Shadowclaw
La rue était déserte. Il pleuvait depuis le matin et c’était presque une petite rivière qui s’écoulait au milieu la chaussée, dans la gouttière débordante. Tu regardas à gauche, puis à droite, puis tu t’engageas sur ta gauche, dans une ruelle plus étroite. Là, tu le sentis. Il était là il y a quelques minutes seulement, et pourtant, tu avais l’impression de voir sa silhouette déambuler devant toi. Ton odorat précis te permettait de reconstituer la scène presque au détail près : il se déplaçait à petits pas rapides, comme mu par la peur d’être vu, tandis que son lourd manteau complètement trempé le ralentissait. « Il ne devrait pas avoir peur d’être vu, il a bien plus à craindre que cela... » pensas-tu avec un léger sourire qui découvrit tes dents. Si la ruelle avait abrité des personnes, un observateur attentif aurait pu sursauter à la vue dérangeante de tes dents pointues. Mais elle était déserte. Tant mieux. Avoir un public ne t’aurait pas déplu, mais cela aurait complexifié la sortie de la ville.

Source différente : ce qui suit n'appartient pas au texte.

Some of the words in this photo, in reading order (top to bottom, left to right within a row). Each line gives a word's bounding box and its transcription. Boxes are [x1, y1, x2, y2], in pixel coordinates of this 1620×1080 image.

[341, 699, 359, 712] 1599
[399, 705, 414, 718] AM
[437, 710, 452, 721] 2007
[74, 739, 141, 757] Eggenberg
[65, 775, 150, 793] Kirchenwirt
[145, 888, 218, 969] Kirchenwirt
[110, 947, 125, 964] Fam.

Tu t’engageas en faisant de grandes enjambées, tellement grandes qu’on aurait pu croire que tu sautais avec une grâce et l’agilité d’un chat… ou d’un loup. Tu te retrouvas rapidement devant une double porte d’une vieille grange au fond de la ruelle. « Entrepôt de l’Or-Argent ». Tu connaissais le propriétaire, tu l’avais déjà rencontré sur le marché, mais ta présence ici n’avait rien à voir avec lui. Aujourd’hui, tu traquais. Il s’agissait de ton activité favorite, car tu étais le meilleur dans ce domaine. Tu avais ta manière bien délicat, dans un premier temps, de parvenir à tes fins. Il suffisait de rôder autour de la proie, suffisamment longtemps qu’elle se sente désespérée, suffisamment éloignée pour qu’elle ne distingue qu’une ombre inquiétante, suffisamment proche pour qu’elle sente ton souffle chaud dans son coup, suffisamment intelligemment pour qu’elle se recluse quelque part, dans un endroit où elle se sentirait en sécurité, tout en sachant au fond d’elle qu’il s’agit d’une voie sans issue, le dernier rempart d’où elle ferait son baroud d’honneur. Alors dans son esprit, l’espace se rétrécissait, la vie s’écourtait, l’air se raréfiait, jusqu’au dernier souffle avant la rencontre de l’humus de la tombe. Enfin, ce qu’il resterait du corps. Car tu avais faim.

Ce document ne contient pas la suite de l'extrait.